Task item: Pictures don't belong in the copy; print all the records exactly.
##### Information supplied #####
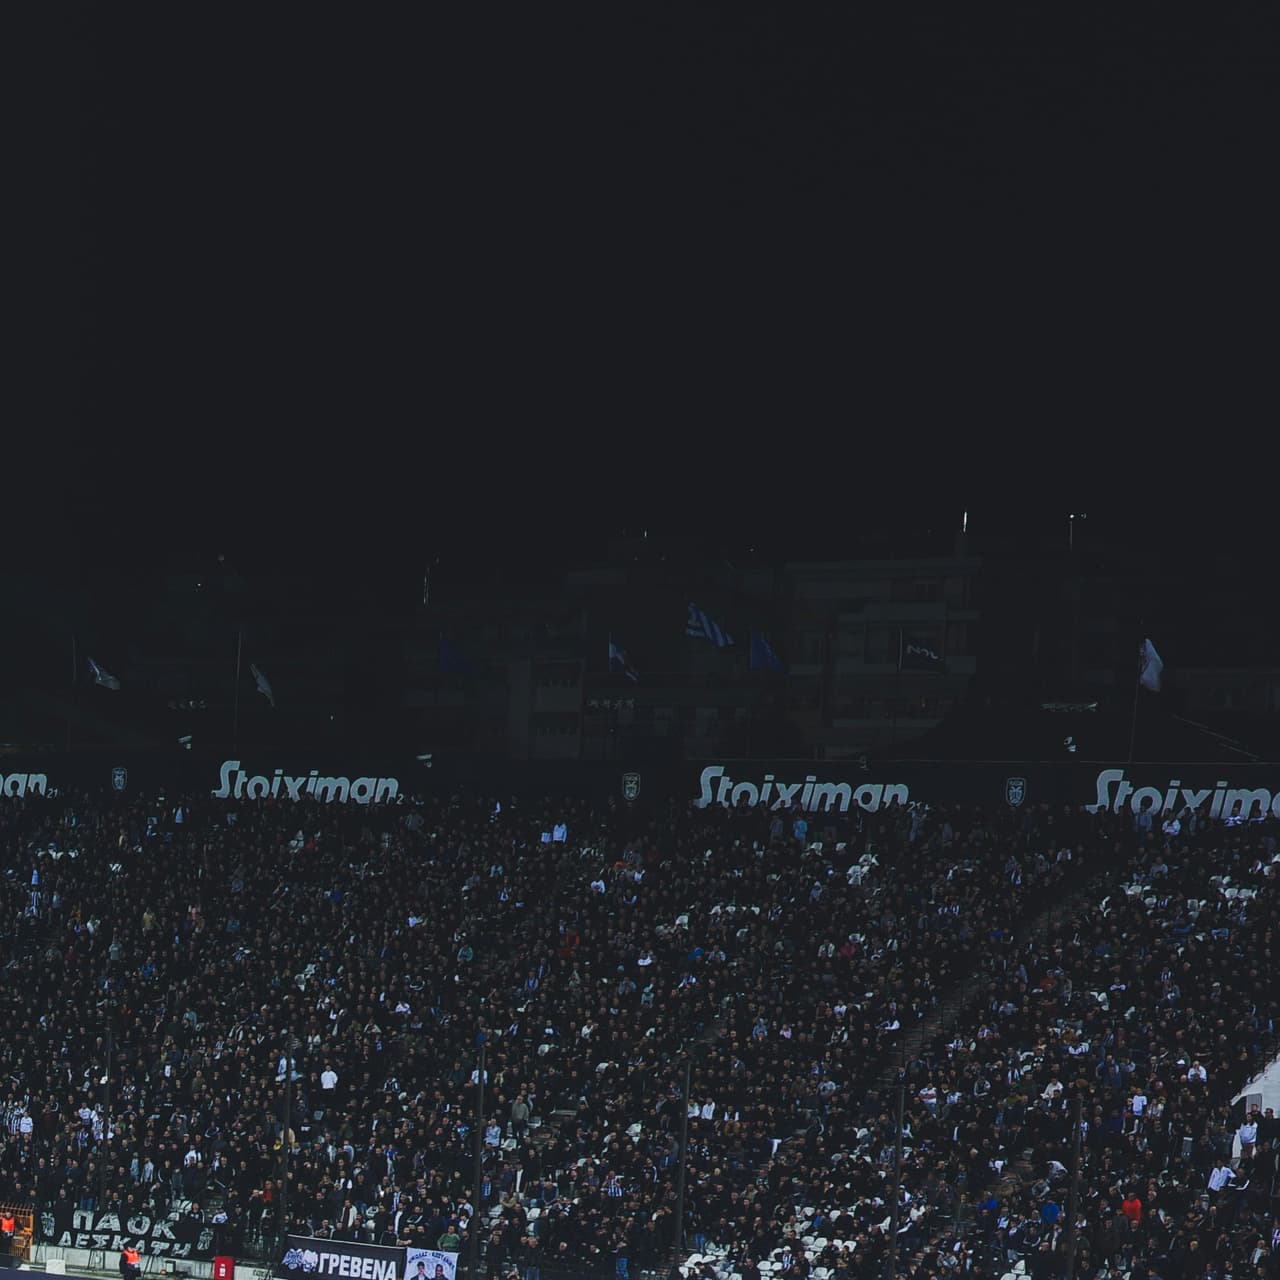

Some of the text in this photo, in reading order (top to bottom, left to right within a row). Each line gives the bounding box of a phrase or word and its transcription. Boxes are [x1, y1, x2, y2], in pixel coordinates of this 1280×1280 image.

[211, 760, 399, 804] Stoiximan
[693, 766, 909, 812] Stoiximan
[1085, 769, 1280, 820] Stoixim
[73, 1210, 176, 1240] ΠΑΟΚ
#####
Written solution:
Some of the text in this photo, in reading order (top to bottom, left to right within a row). Each line gives the bounding box of a phrase or word and its transcription. Boxes are [x1, y1, x2, y2], in pixel coordinates of this 1280×1280 image.

[211, 760, 399, 804] Stoiximan
[693, 766, 909, 812] Stoiximan
[1085, 769, 1280, 820] Stoixim
[73, 1210, 176, 1240] ΠΑΟΚ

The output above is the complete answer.